Ama gel de güven şimdi çocuğunu sokağa çıkarmaya. Bir saat sonra çocuğunu orada bulacağın belli değil. Sapık mı musallat olmuş, organ mafyası mı kaçırmış, taciz, tecavüz her türlü pisliği düşünmek zorundasın. Can güvenliği yok ki çocukların. Ana babalar ne yapsın? Cam bir fanusa koyuyorlar çocuklarını, olumsuz dış etkenlere karşı kendilerince bir önlem alıyorlar. Haklılar…

Ben şöyle bir bakıyorum da çocukluğuma, benim çocukluğum çok güzeldi. 80’ler çocuğuyum ben. Her şeyin saf, temiz ve tatlı olduğu dönemlerdi seksenler. Tasoydu, tetristi, uyanır uyanmaz sokaklarda arkadaşlarımızla oyuna başlamaktı. Capri sun’u önce hüplet sonra gümletti seksenler. Teneffüs saatlerinde bakkala koşup aldığımız leblebi tozuydu, tipitip sakızdı, renkli küp kolonyalardı.Tatil günleri sabahtan akşama kadar evde radyo başında bekleyip, sevdiğimiz şarkıları rec tuşuyla kasede almak ve bununla da büyük bir gurur duymaktı.

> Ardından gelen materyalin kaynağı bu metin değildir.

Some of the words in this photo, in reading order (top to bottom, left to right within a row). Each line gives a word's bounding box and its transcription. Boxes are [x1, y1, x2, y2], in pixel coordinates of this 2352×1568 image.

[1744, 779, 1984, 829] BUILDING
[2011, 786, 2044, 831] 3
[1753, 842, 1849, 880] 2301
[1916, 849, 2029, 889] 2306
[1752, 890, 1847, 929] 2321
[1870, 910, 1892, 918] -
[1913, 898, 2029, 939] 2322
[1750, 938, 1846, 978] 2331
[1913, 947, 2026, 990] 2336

Bizim dönemimizin çocukları arasında erkeklerde futbolcu kartı biriktirmeyen, kızlarda ise barbi bebek giydirmeyen yoktur. Ben işi daha da ileri boyutlara taşıyıp, barbi bebeklerin saçlarını keser, bir kuaför edasıyla fön de çekerdim, ilginç saç stilleri denerdim.

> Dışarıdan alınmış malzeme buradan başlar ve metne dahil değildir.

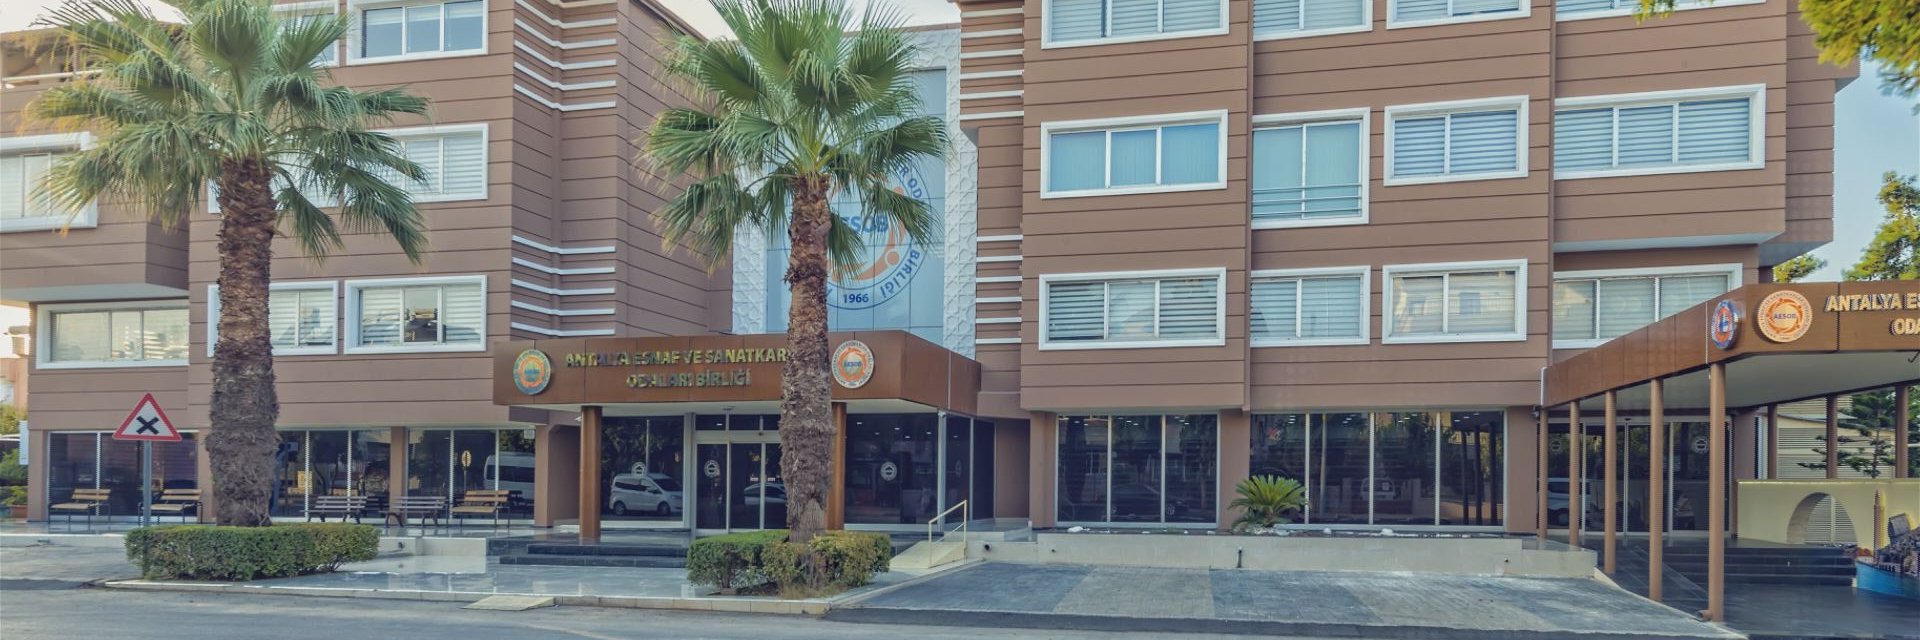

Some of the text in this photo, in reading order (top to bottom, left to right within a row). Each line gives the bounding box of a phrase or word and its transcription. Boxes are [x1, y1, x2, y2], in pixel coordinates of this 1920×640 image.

[843, 293, 869, 304] 1966
[1825, 293, 1903, 313] ANTALYA
[632, 350, 681, 365] ESNAF
[683, 350, 702, 364] VE
[705, 347, 787, 363] SANATKAR
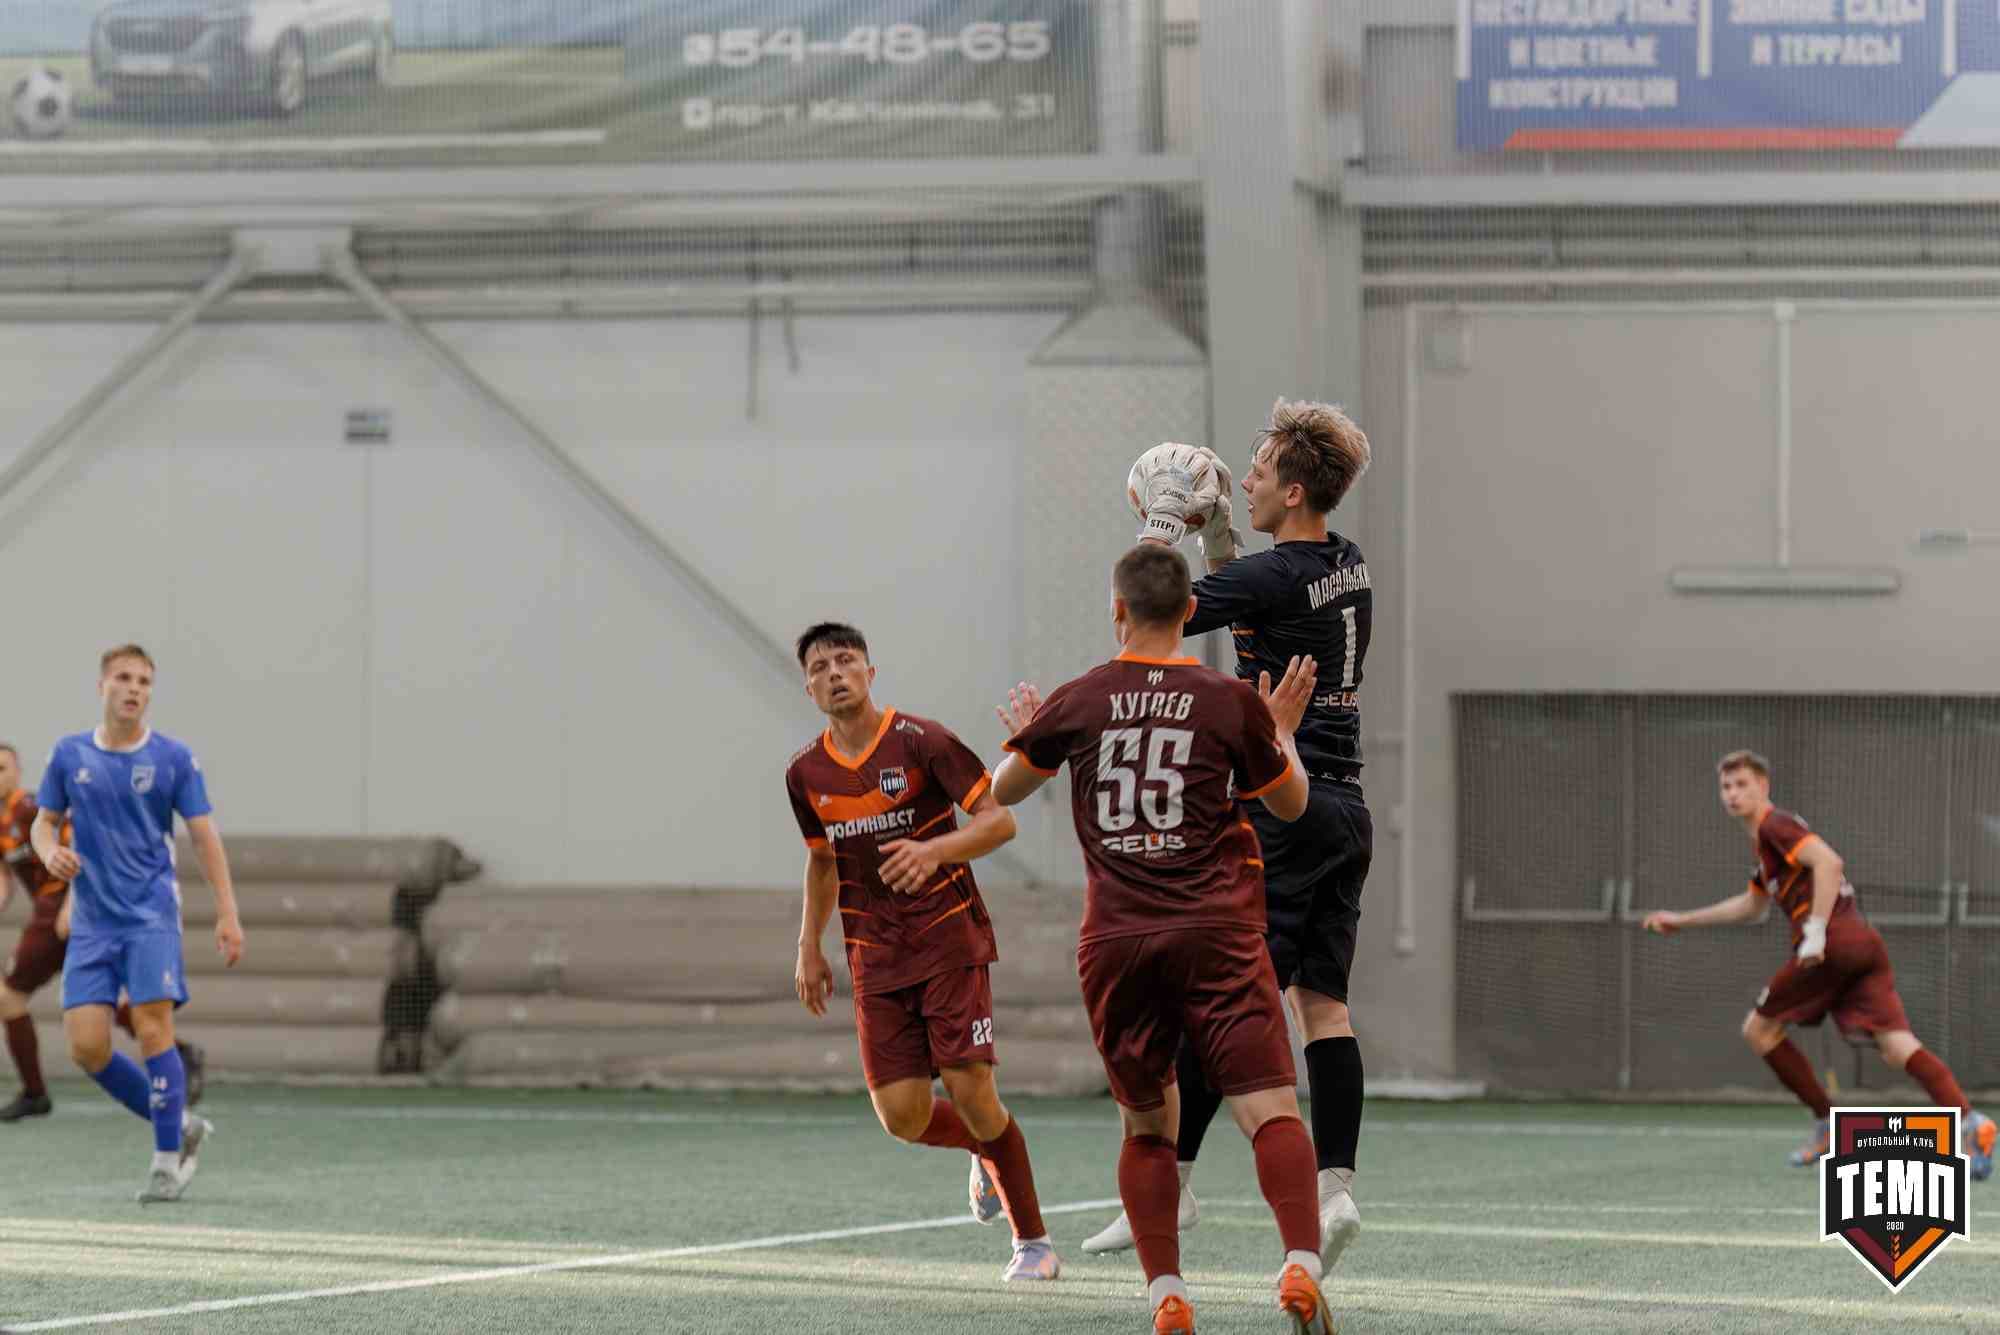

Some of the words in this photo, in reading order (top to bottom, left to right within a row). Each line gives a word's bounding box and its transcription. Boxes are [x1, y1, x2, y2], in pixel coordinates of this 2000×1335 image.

Cuma geceleri Süper baba, Pazar geceleri Bizimkiler izlemişlerdir bizim nesilin hepsi. Pazar sabahı soba üzerinde kızarmış ekmeklerine yağ sürerken, Barış abilerinden 10 puan alan adam olacak çocuklara bakmışlardır gıptayla. Hafta sonu tatili bitince de sadece Pazar akşamı yakılan banyoda bir güzel yıkanıp, okul eşyalarını da geceden titizlikle hazırladıktan sonra huzurla uykuya dalmışlardır. Ah o günler… Düşünüyorum da şimdi, büyüyecek ne vardı?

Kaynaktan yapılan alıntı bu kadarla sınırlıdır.